Example: say you're writing an accounting system. You keep all the debits and credits in a General Ledger table (GL). Such a table can quickly accumulate tens of millions of rows in a busy organization. To find the balance of a particular account on the balance sheet as of a given day, you would normally have to calculate the sum of all debits and credits to that account up to that date, a calculation that could take several seconds even with a properly indexed table. Calculating all figures of a balance sheet could take minutes.
Instead, you could define an account_balance table. For each account and dates or date ranges of interest (usually each month's end), you maintain a balance figure by using a trigger on the GL table to update balances by adding each delta individually to all applicable balances. This spreads the cost of aggregating these figures over each individual persistence to the database, which will likely reduce it to a negligible performance hit when saving, and will decrease the cost of getting the data from a massive linear operation to a near-constant one.
For that data volume you shouldn't have to move off Postgres.
I'd look to tuning first - 10-15 minutes seems pretty excessive for 'a few million rows'. This ought to be just a few seconds. Note that the out-of-the box config settings for Postgres don't (or at least didn't) allocate much disk buffer memory. You might look at that also.
More complex solutions involve implementing some sort of data mart or an OLAP front-end such as Mondrian over the database. The latter does pre-calculate aggregates and caches them.
If you have a set of common aggregates you can calculate it before hand (like, well, once a week) in a separate table and/or columns and users get it fast.
But I'd seeking the tuning way too - revise your indexing strategy. As your database is read only, you don't need to worry about index updating overhead.
Revise your database configuration, maybe you can squeeze some performance of it - normally default configurations are targeted to easy the life of first-time users and become short-sighted fastly with large databases.

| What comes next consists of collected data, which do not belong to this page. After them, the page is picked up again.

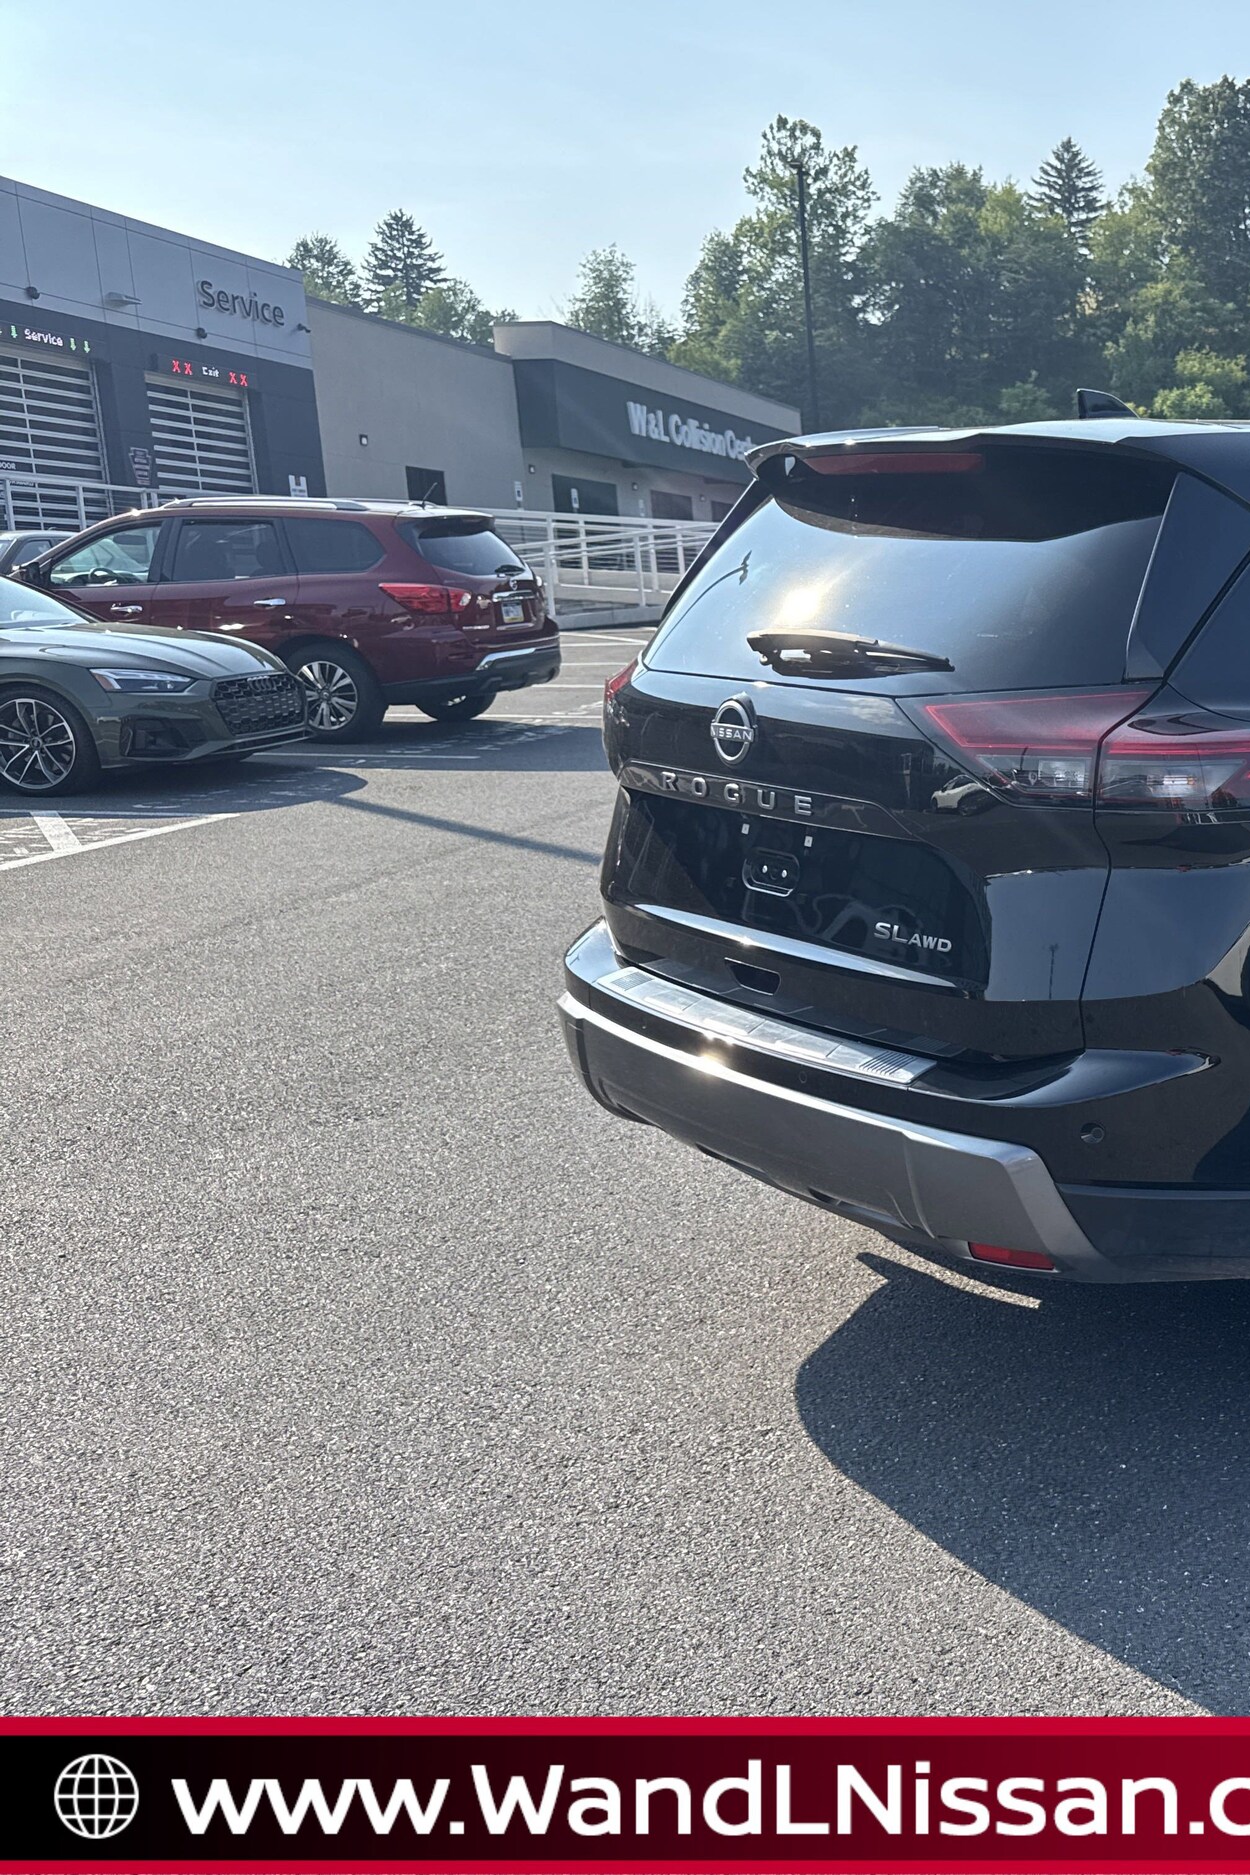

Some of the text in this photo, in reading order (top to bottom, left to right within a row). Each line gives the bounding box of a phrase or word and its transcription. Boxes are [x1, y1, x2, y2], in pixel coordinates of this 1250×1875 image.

[199, 280, 286, 327] Service
[24, 329, 63, 347] Service
[626, 401, 670, 443] W&L
[668, 414, 727, 456] Collision
[711, 724, 752, 741] NISSAN
[660, 771, 812, 816] ROGUE
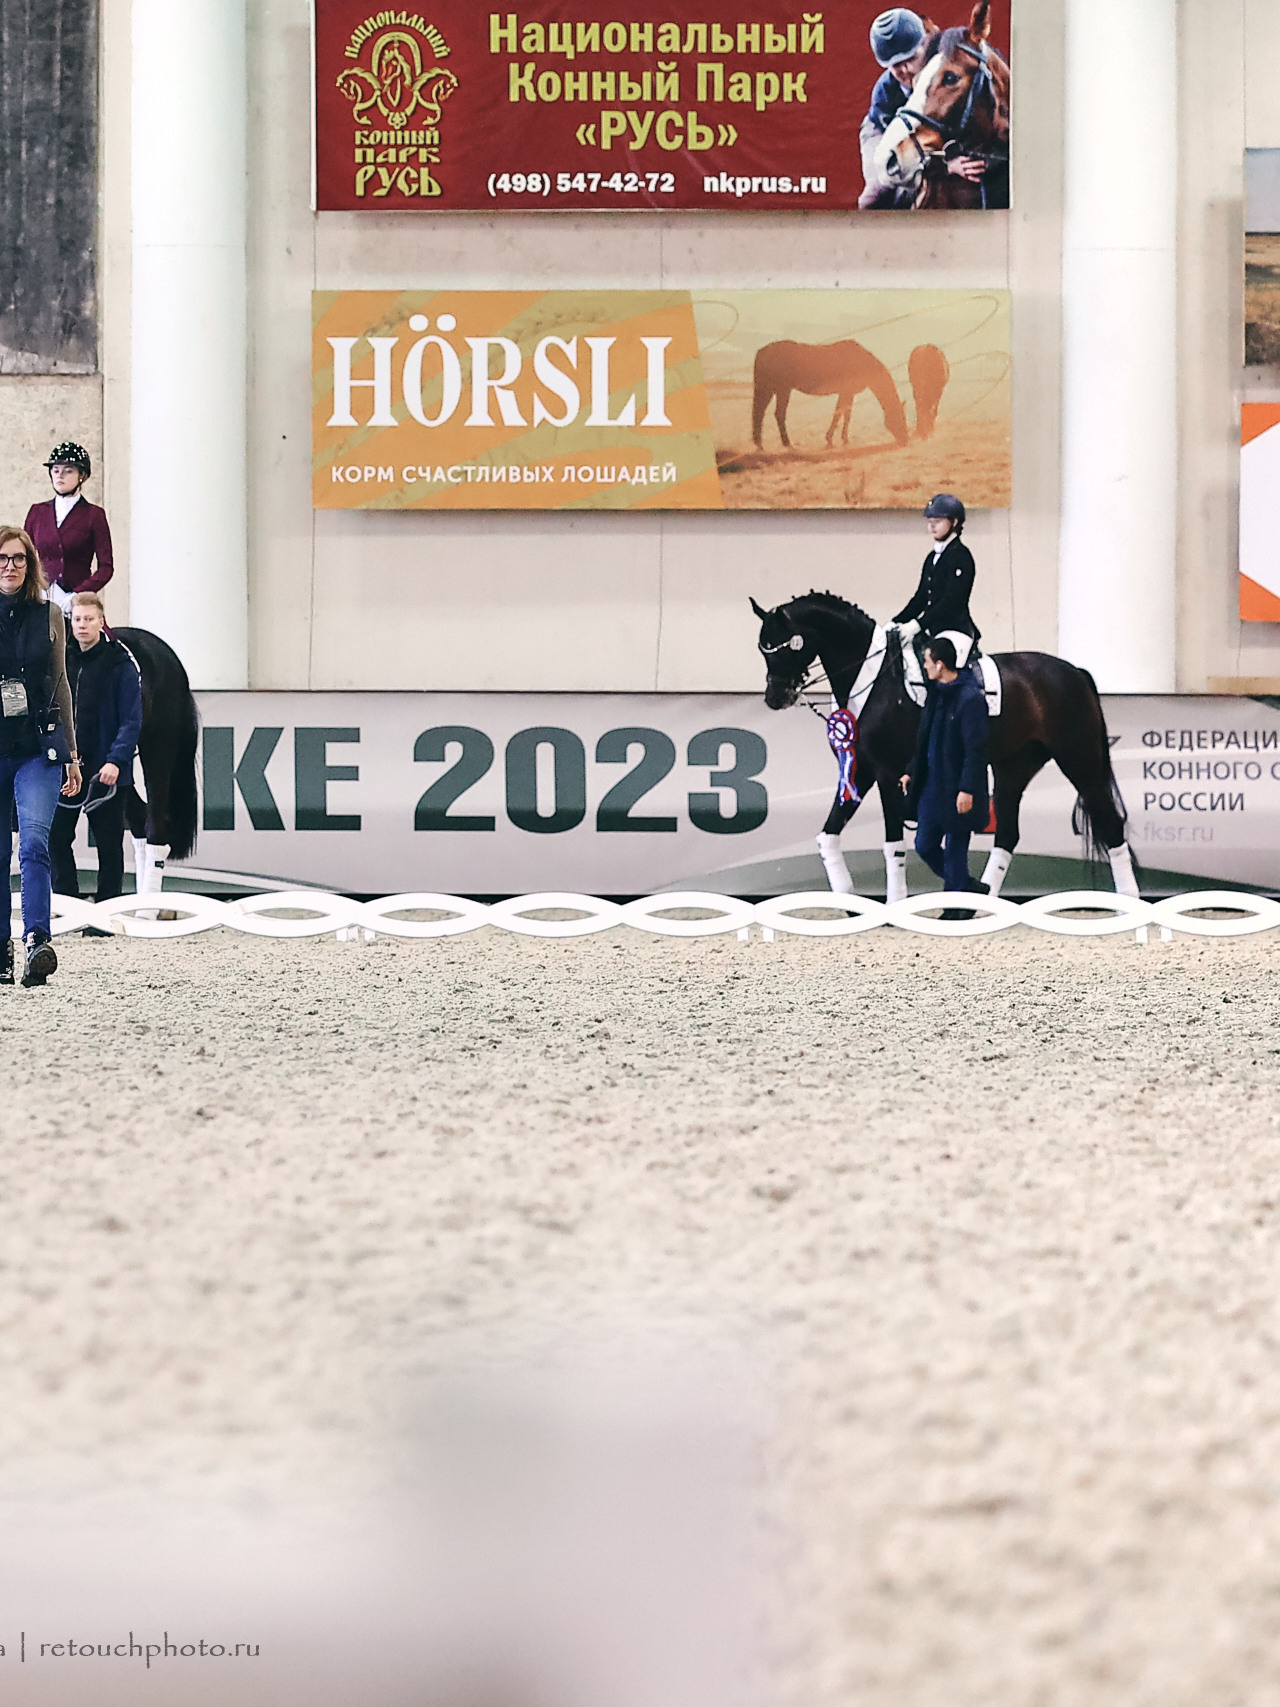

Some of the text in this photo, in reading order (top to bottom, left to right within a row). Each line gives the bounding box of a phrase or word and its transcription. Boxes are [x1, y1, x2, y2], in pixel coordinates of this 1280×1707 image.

[489, 12, 825, 60] Национальный
[508, 61, 808, 112] Конный Парк
[575, 110, 738, 151] «РУСЬ»
[354, 146, 441, 164] ПАРК
[355, 164, 442, 197] РУСЬ
[487, 172, 827, 197] (498) 547-42-72 nkprus.ru
[325, 313, 673, 430] HÖRSLI
[331, 462, 677, 485] КОРМ СЧАСТЛИВЫХ ЛОШАДЕЙ
[1142, 730, 1278, 752] ФЕДЕРАЦИ
[412, 724, 769, 834] 2023
[1142, 760, 1262, 781] КОННОГО
[1144, 792, 1245, 811] РОССИИ
[1142, 820, 1214, 842] fksr.ru
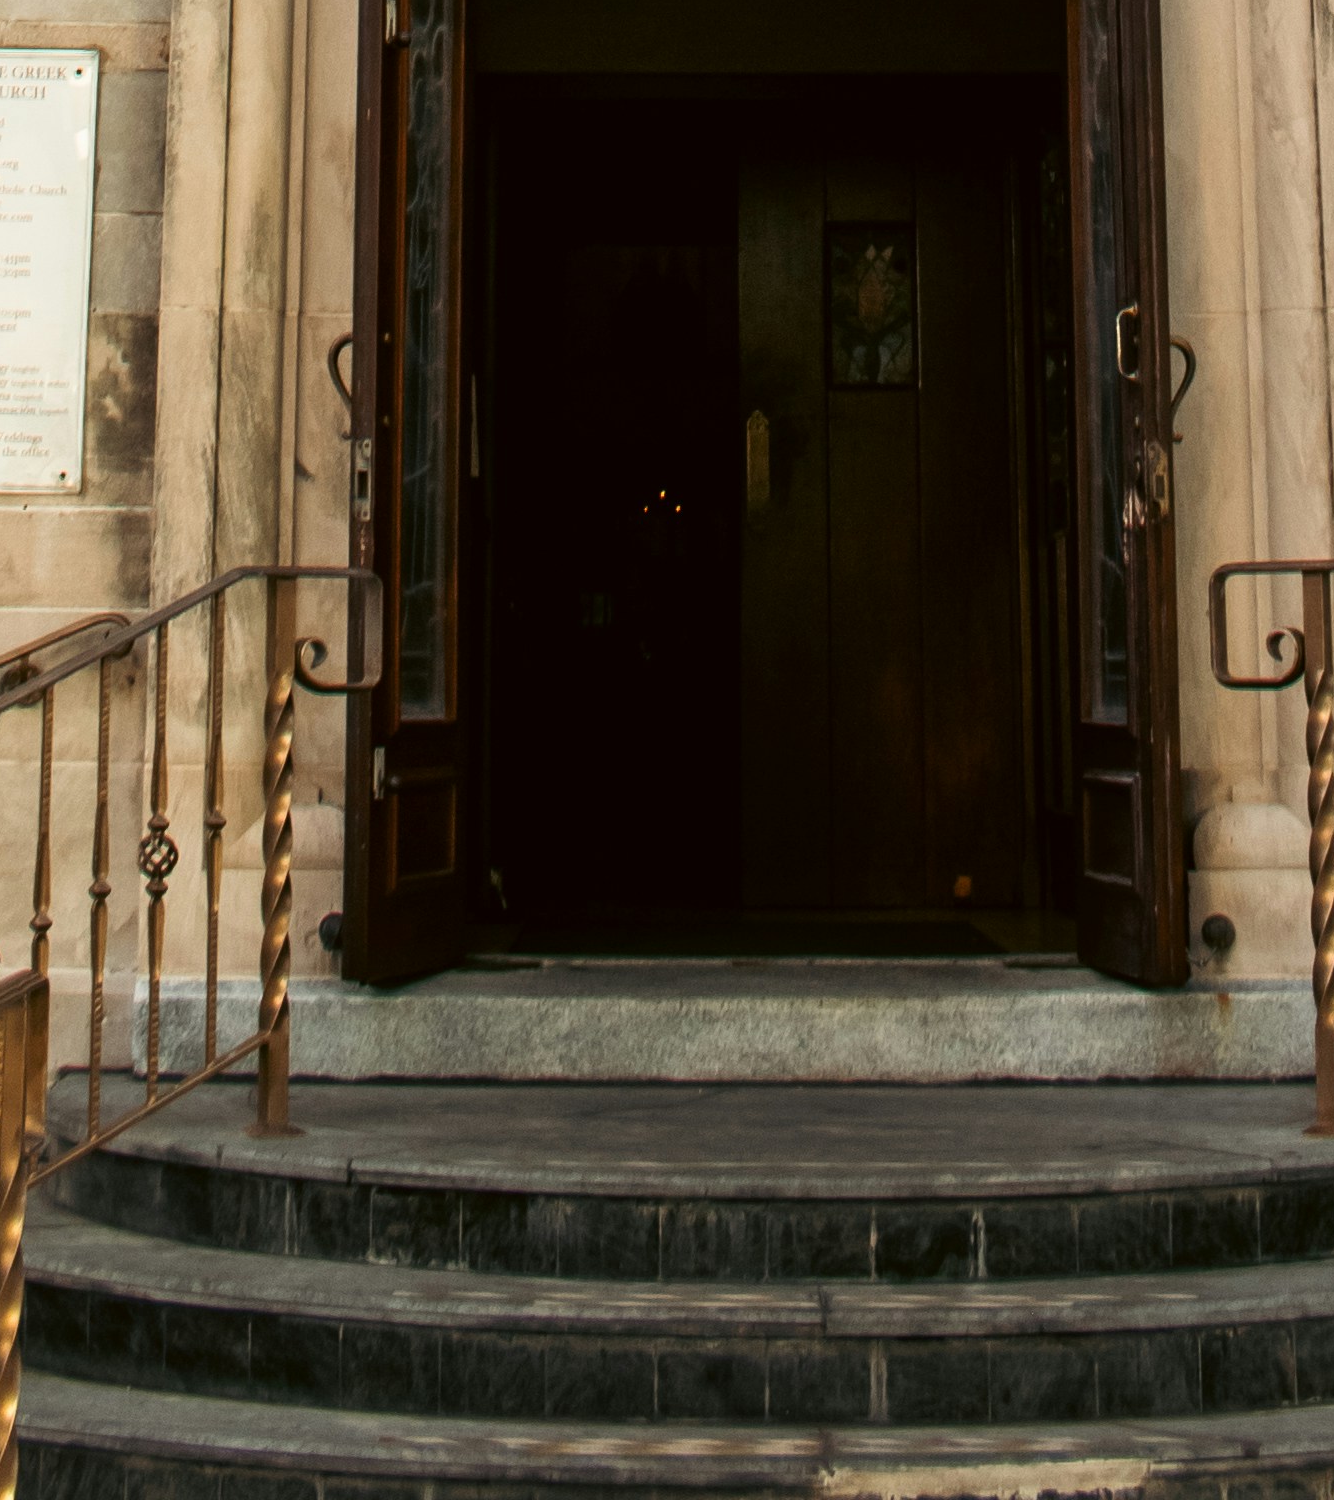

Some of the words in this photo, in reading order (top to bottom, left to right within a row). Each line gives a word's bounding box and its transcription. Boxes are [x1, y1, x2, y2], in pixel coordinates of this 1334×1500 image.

Maybe even some denormalization can speed up things after you revised your indexing and database configuration - and falls in the situation that you need even more performance, but try it as a last resort.
Oracle supports a concept called Query Rewrite. The idea is this:
When you want a lookup (WHERE ID = val) to go faster, you add an index. You don't have to tell the optimizer to use the index - it just does. You don't have to change the query to read FROM the index... you hit the same table as you always did but now instead of reading every block in the table, it reads a few index blocks and knows where to go in the table.
Imagine if you could add something like that for aggregation. Something that the optimizer would just 'use' without being told to change. Let's say you have a table called DAILY_SALES for the last ten years. Some sales managers want monthly sales, some want quarterly, some want yearly.
You could maintain a bunch of extra tables that hold those aggregations and then you'd tell the users to change their query to use a different table. In Oracle, you'd build those as materialized views. You do no work except defining the MV and an MV Log on the source table. Then if a user queries DAILY_SALES for a sum by month, ORACLE will change your query to use an appropriate level of aggregation. The key is WITHOUT changing the query at all.
Maybe other DB's support that... but this is clearly what you are looking for.